Miles Ahead
What’s a labor of love? Take a look at what Don Cheadle does in Miles Ahead. Not only does he act the hell out of the role of the late jazz trumpeter Miles Davis — the raspy voice, the death stare, the hair, the attitude, the cocaine-fueled paranoia. Cheadle is also the director (his first time at bat), co-writer and co-producer of the movie. That means he gets the lion’s share of the credit — and also the blame. As an actor, Cheadle is flawless, letting us feel we’re really hanging with a musical genius possessed of a volatile temper and a talent to match. Like Born To Be Blue, Miles Ahead is allergic to all things biopic, especially the cheap psychology and the effort to tie up a complex life with a neat bow.
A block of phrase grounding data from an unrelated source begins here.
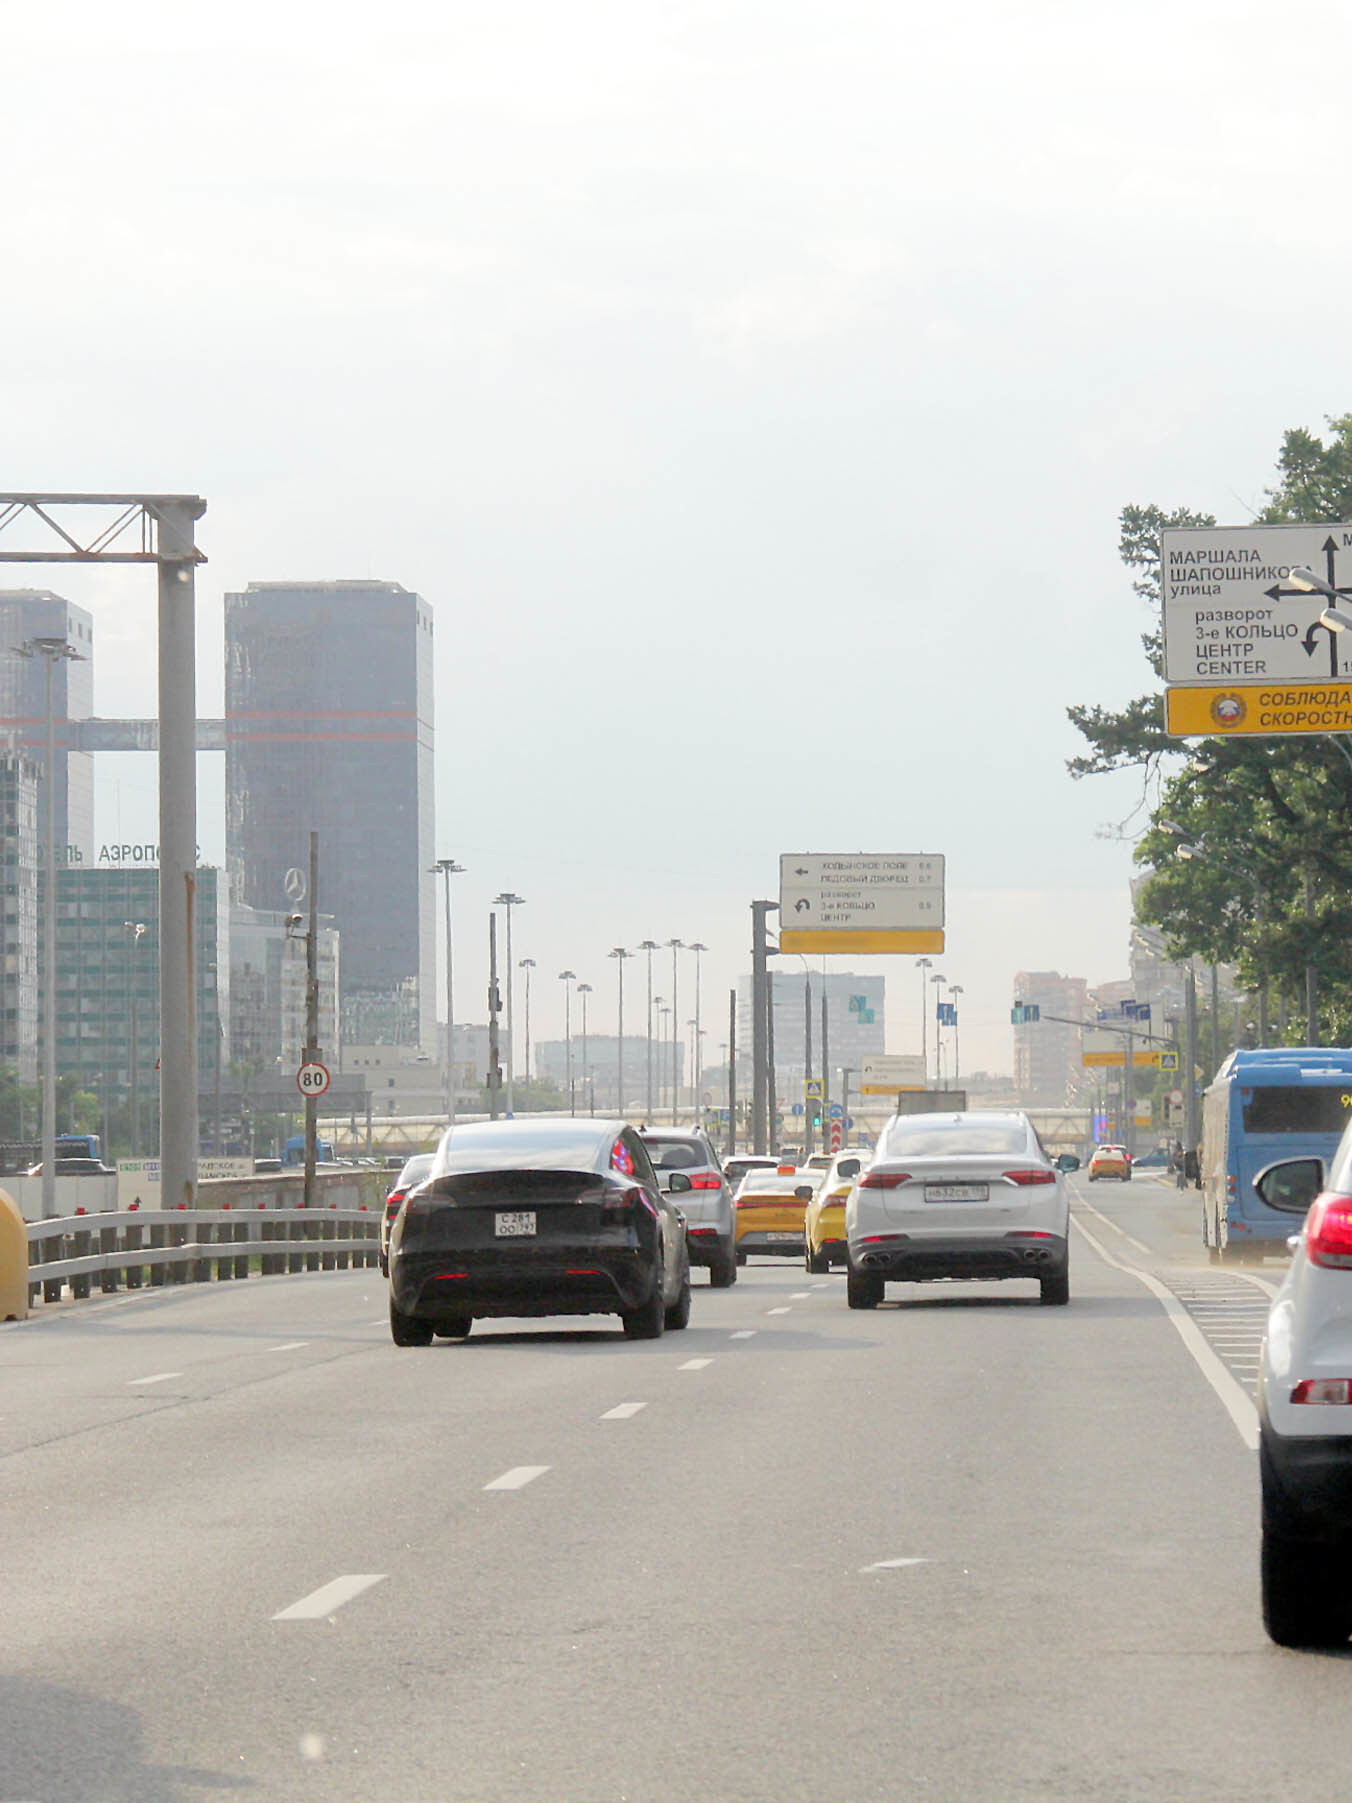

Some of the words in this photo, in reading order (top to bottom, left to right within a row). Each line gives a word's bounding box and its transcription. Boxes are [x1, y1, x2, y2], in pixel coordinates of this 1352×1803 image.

[1170, 550, 1262, 564] МАРШАЛА
[1170, 565, 1312, 582] ШАПОШНИКО
[1171, 585, 1221, 599] улица
[1195, 609, 1273, 624] разворот
[1196, 627, 1219, 640] 3-е
[1226, 624, 1298, 640] КОЛЬЦО
[1196, 644, 1254, 658] ЦЕНТР
[1196, 661, 1266, 675] CENTER
[99, 844, 201, 862] АЭРОПС
[303, 1072, 323, 1086] 80
Cheadle, who wrote the script with Steven Baigelman, plops us right down into the middle of Davis’ life, during the late 1970’s when he took five years of self-imposed retirement and lived like a hermit. Instead of a road map, the film gives us conjecture: What if Dave Brill (Ewan McGregor), a fictional freelancer from Rolling Stone, barged in on Davis and demanded an interview? And what if, in the process of the interrogation, Davis turned Brill into a sidekick? You know, a dude who can sneak Davis into a college dorm to score drugs, protect him during a shootout on the streets of Manhattan (he limps from a degenerative hip condition), and help Davis steal back master tapes from Harper Hamilton (Michael Stuhlbarg), a honcho at Columbia Records. As Davis tells Brill, “If you’re gonna tell a story, man, come with some attitude.”
Miles Ahead has attitude for days. There are flashbacks to Davis being beaten bloody by cops and to Davis’s turbulent romance with his first wife, Frances Taylor (the terrific Emayatzy Corinealdi), whose photo adorns the album cover of the Davis LP, Someday My Prince Will Come. Editors John Axelrad and Kayla Emter put all this stuff together in a crazy jigsaw pattern to emulate the way Davis used improvisatory fragments in his music. But they’re not up to the master. It’s doubtful anyone could be.
The film picks up steam whenever Cheadle shows us Davis doing what he does best, making “social music” (he hates the word jazz). A scene of Davis working with musicians on songs from his 1960 album Sketches of Spain crackles with excitement you don’t feel when the film descends into soap opera and 1970’s era action mayhem. You can feel Cheadle’s desire to do Davis proud by not doing anything boilerplate. It’s a near miss, but you can’t help applauding the passion behind it.